Isaac Newton was born according to the Julian calendar (in use in England at the time) on Christmas Day, 25 December 1642 (NS 4 January 1643[1]) "an hour or two after midnight", at Woolsthorpe Manor in Woolsthorpe-by-Colsterworth, a hamlet in the county of Lincolnshire. His father, also named Isaac Newton, had died three months before. Born prematurely, he was a small child; his mother Hannah Ayscough reportedly said that he could have fit inside a quart mug.[8] When Newton was three, his mother remarried and went to live with her new husband, the Reverend Barnabas Smith, leaving her son in the care of his maternal grandmother, Margery Ayscough. The young Isaac disliked his stepfather and maintained some enmity towards his mother for marrying him, as revealed by this entry in a list of sins committed up to the age of 19: "Threatening my father and mother Smith to burn them and the house over them." Newton's mother had three children from her second marriage.
Newton in a 1702 portrait by Godfrey Kneller
Isaac Newton (Bolton, Sarah K. Famous Men of Science. NY: Thomas Y. Crowell & Co., 1889)
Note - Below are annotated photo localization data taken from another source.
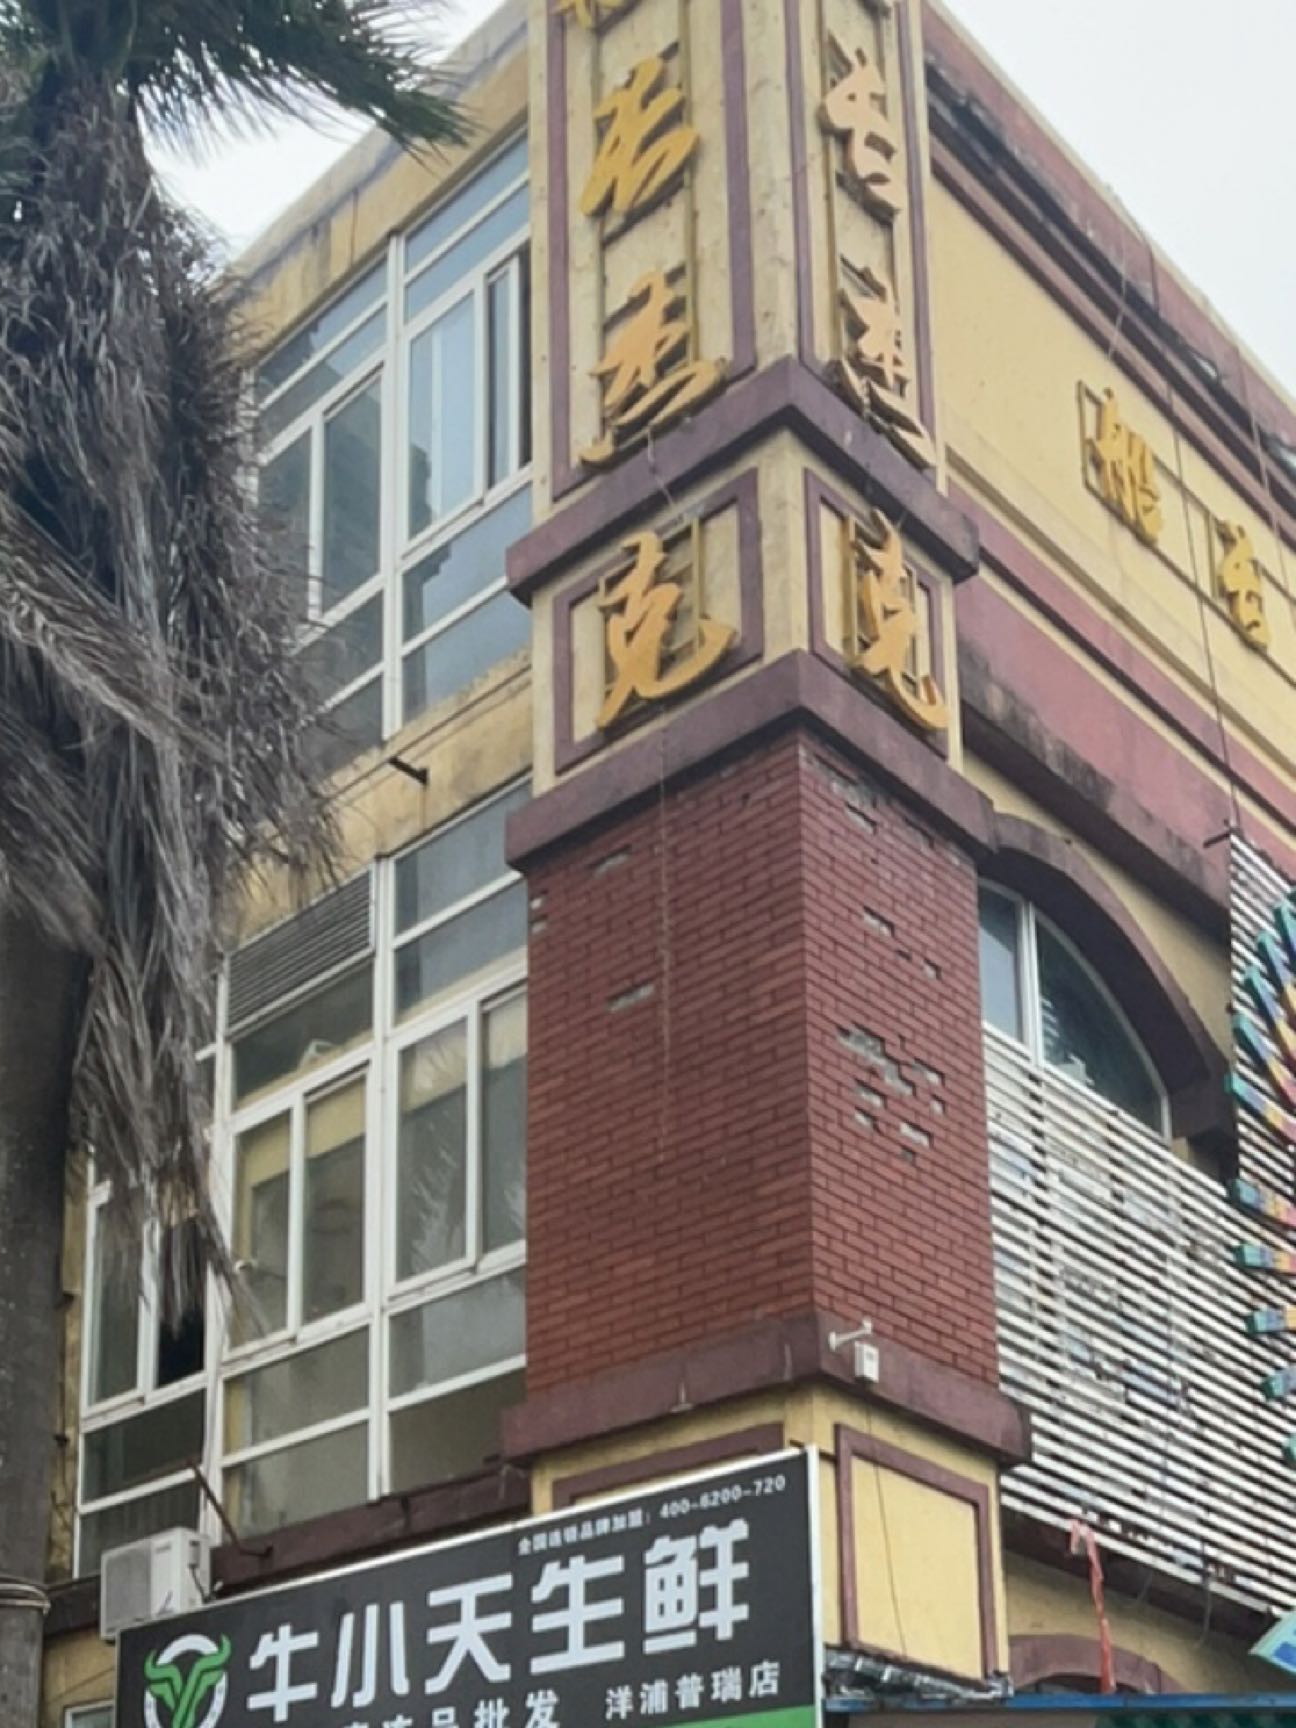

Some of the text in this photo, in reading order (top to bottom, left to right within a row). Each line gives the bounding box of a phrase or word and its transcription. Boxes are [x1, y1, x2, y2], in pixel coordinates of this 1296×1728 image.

[248, 1519, 751, 1723] 牛小天生鲜
[604, 1659, 781, 1720] 洋浦普瑞店
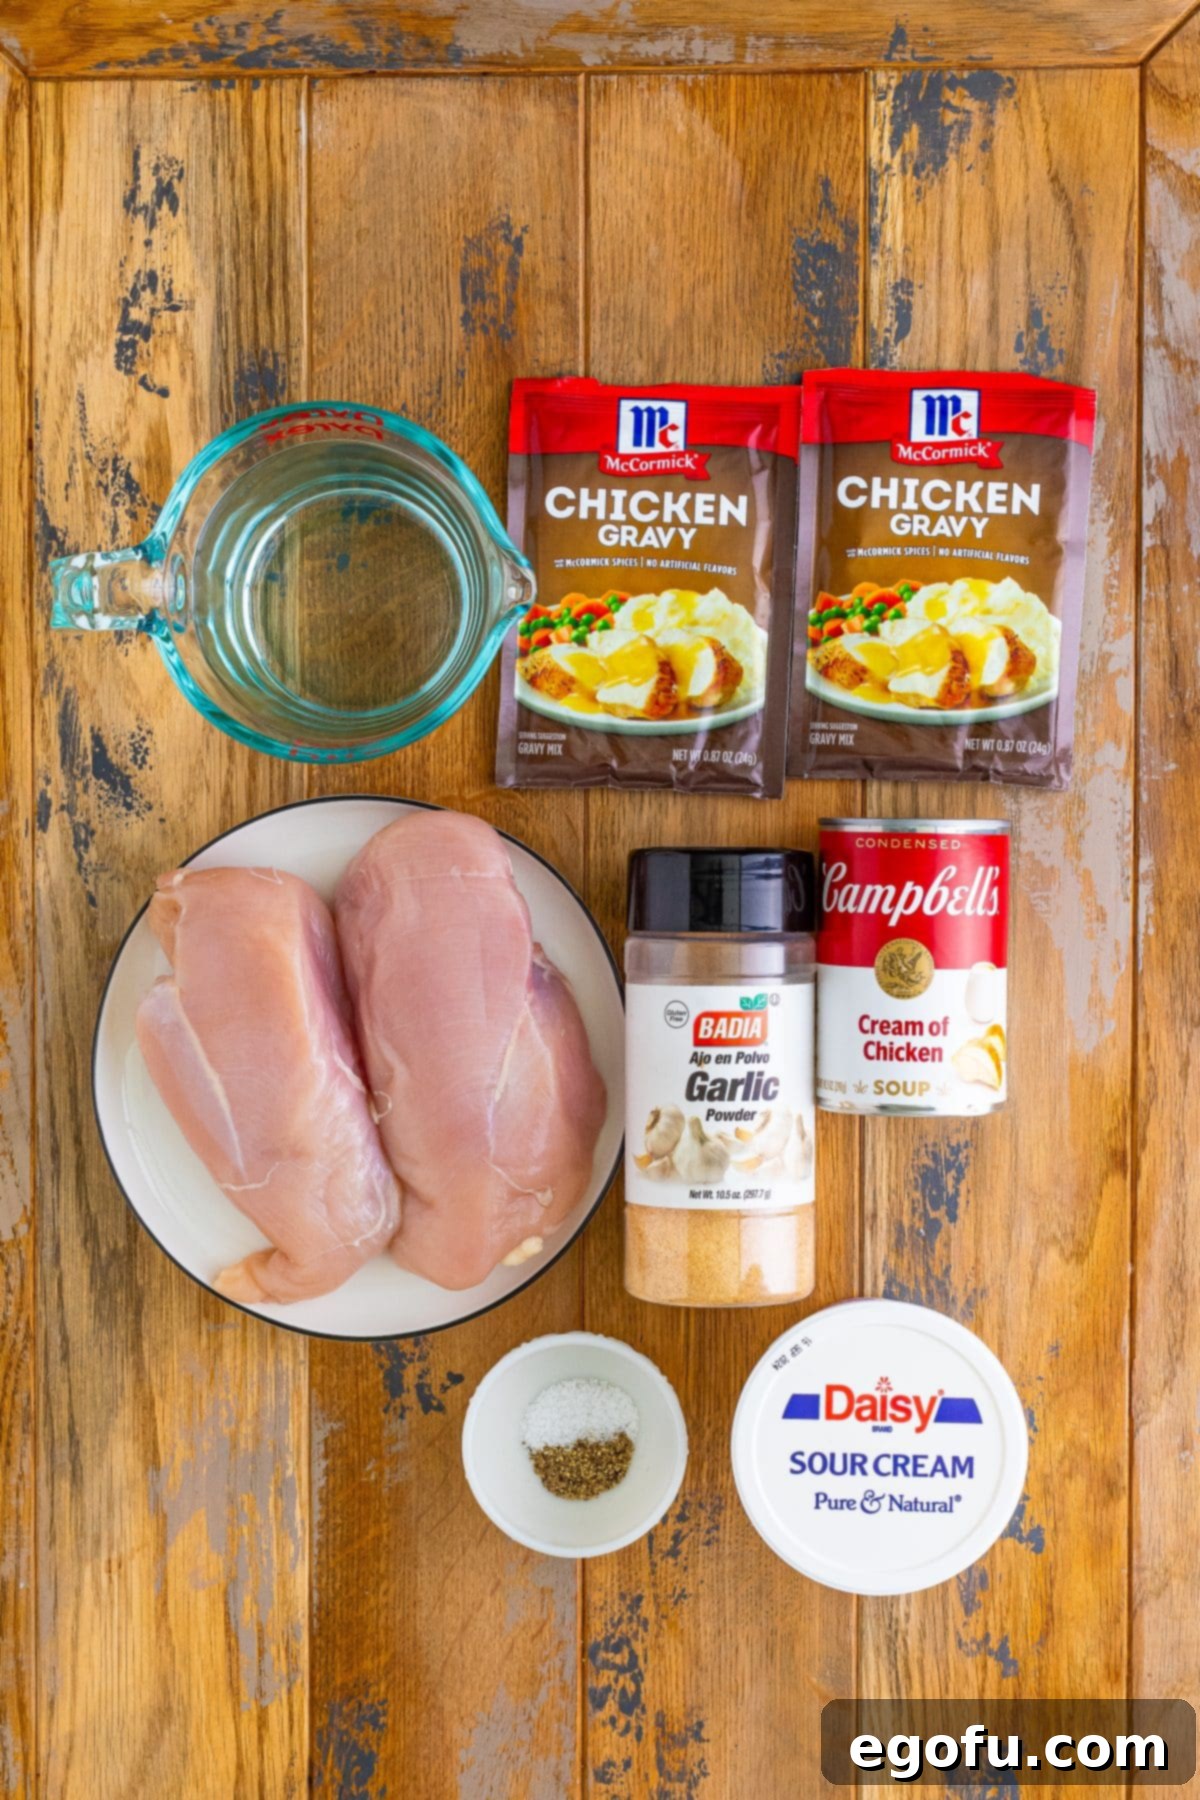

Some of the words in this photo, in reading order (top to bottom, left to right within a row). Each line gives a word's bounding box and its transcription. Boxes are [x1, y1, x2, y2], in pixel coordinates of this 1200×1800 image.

[897, 443, 989, 461] McCormick
[604, 454, 696, 472] McCormick
[837, 476, 1041, 516] CHICKEN
[544, 486, 748, 527] CHICKEN
[889, 513, 990, 538] GRAVY
[597, 524, 698, 549] GRAVY
[857, 547, 901, 557] McCORMICK
[904, 547, 930, 557] SPICES
[938, 548, 950, 557] NO
[953, 549, 994, 561] ARTIFICIAL
[996, 553, 1030, 565] FLAVORS
[565, 558, 610, 567] McCORMICK
[612, 558, 638, 567] SPICES
[646, 559, 657, 568] NO
[660, 560, 701, 572] ARTIFICIAL
[703, 563, 737, 576] FLAVORS
[809, 733, 836, 745] GRAVY
[838, 734, 855, 746] MIX
[964, 739, 980, 750] NET
[981, 739, 995, 751] WT
[996, 740, 1015, 752] 0.87
[518, 743, 545, 755] GRAVY
[547, 744, 563, 756] MIX
[672, 749, 689, 761] NET
[703, 750, 720, 762] 0.87
[855, 837, 961, 850] CONDENSED
[822, 861, 1000, 927] Campbell's
[698, 1017, 762, 1039] BADIA
[858, 1014, 924, 1036] Cream
[928, 1016, 950, 1037] of
[689, 1051, 711, 1067] Ajo
[715, 1055, 732, 1064] en
[735, 1051, 770, 1064] Polvo
[863, 1041, 943, 1062] Chicken
[685, 1071, 780, 1102] Garlic
[873, 1080, 931, 1097] SOUP
[706, 1109, 757, 1122] Powder
[689, 1190, 701, 1199] Net
[716, 1190, 730, 1199] 10.5
[825, 1384, 938, 1434] Daisy
[789, 1451, 868, 1477] SOUR
[873, 1453, 975, 1479] CREAM
[814, 1492, 857, 1511] Pure
[860, 1489, 886, 1515] &
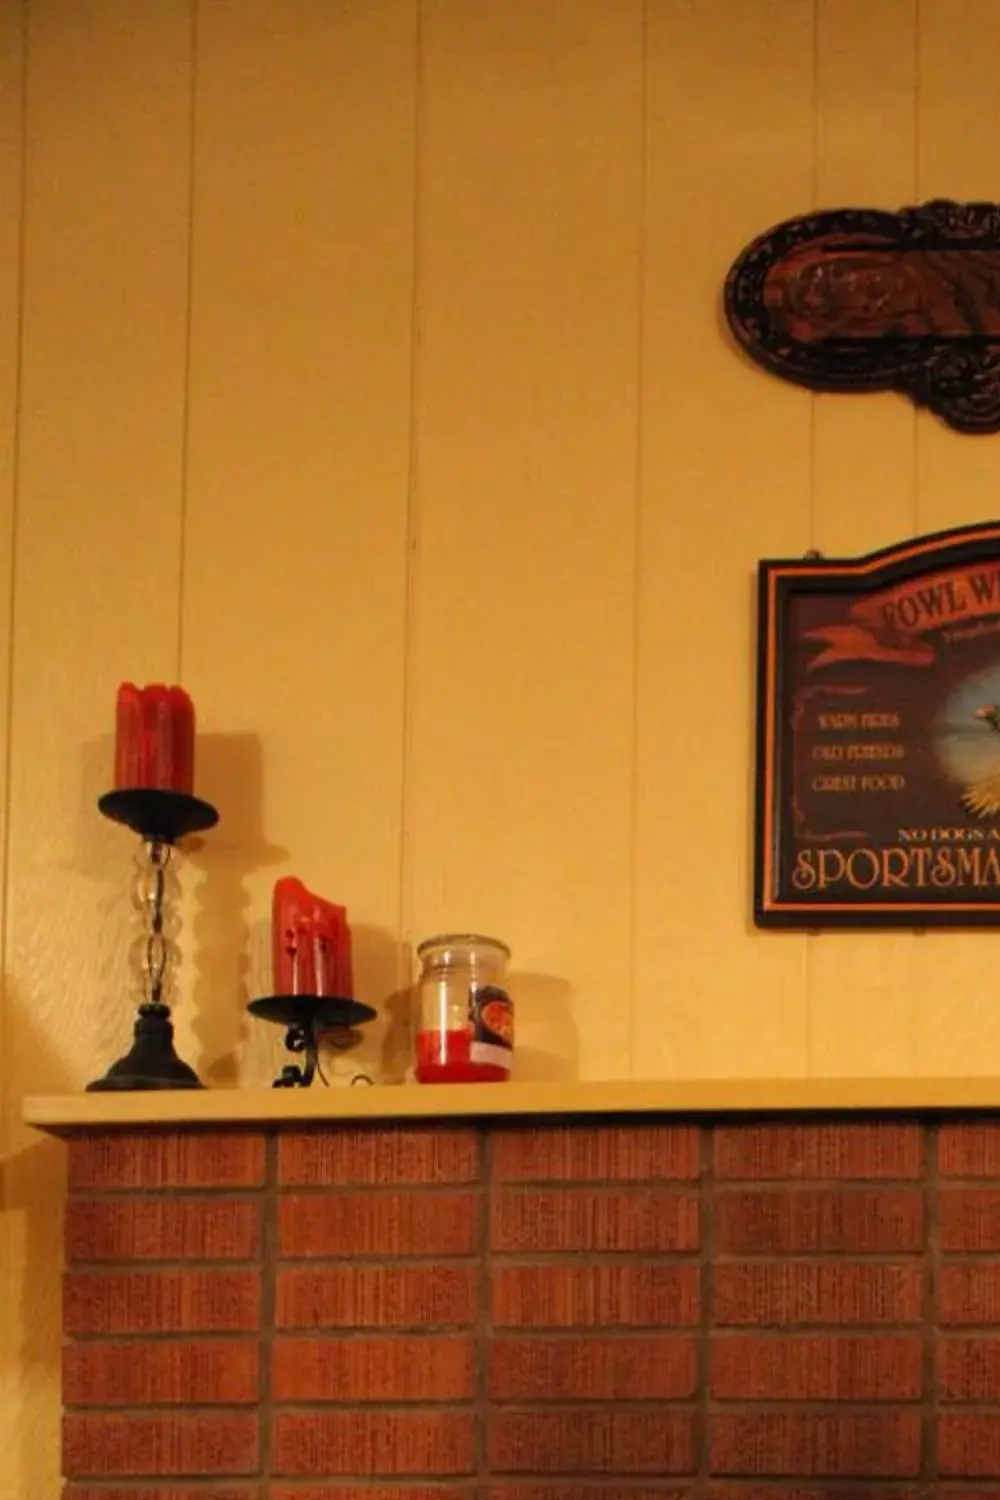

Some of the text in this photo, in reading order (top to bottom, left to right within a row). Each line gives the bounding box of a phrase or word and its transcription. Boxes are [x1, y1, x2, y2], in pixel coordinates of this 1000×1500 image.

From the age of about twelve until he was seventeen, Newton was educated at The King's School, Grantham which taught Latin and Greek and probably a significant foundation of mathematics. He was removed from school, and by October 1659, he was to be found at Woolsthorpe-by-Colsterworth, where his mother, widowed for a second time, attempted to make a farmer of him. Newton hated farming. Henry Stokes, master at the King's School, persuaded his mother to send him back to school so that he might complete his education. Motivated partly by a desire for revenge against a schoolyard bully, he became the top-ranked student,distinguishing himself mainly by building sundials and models of windmills.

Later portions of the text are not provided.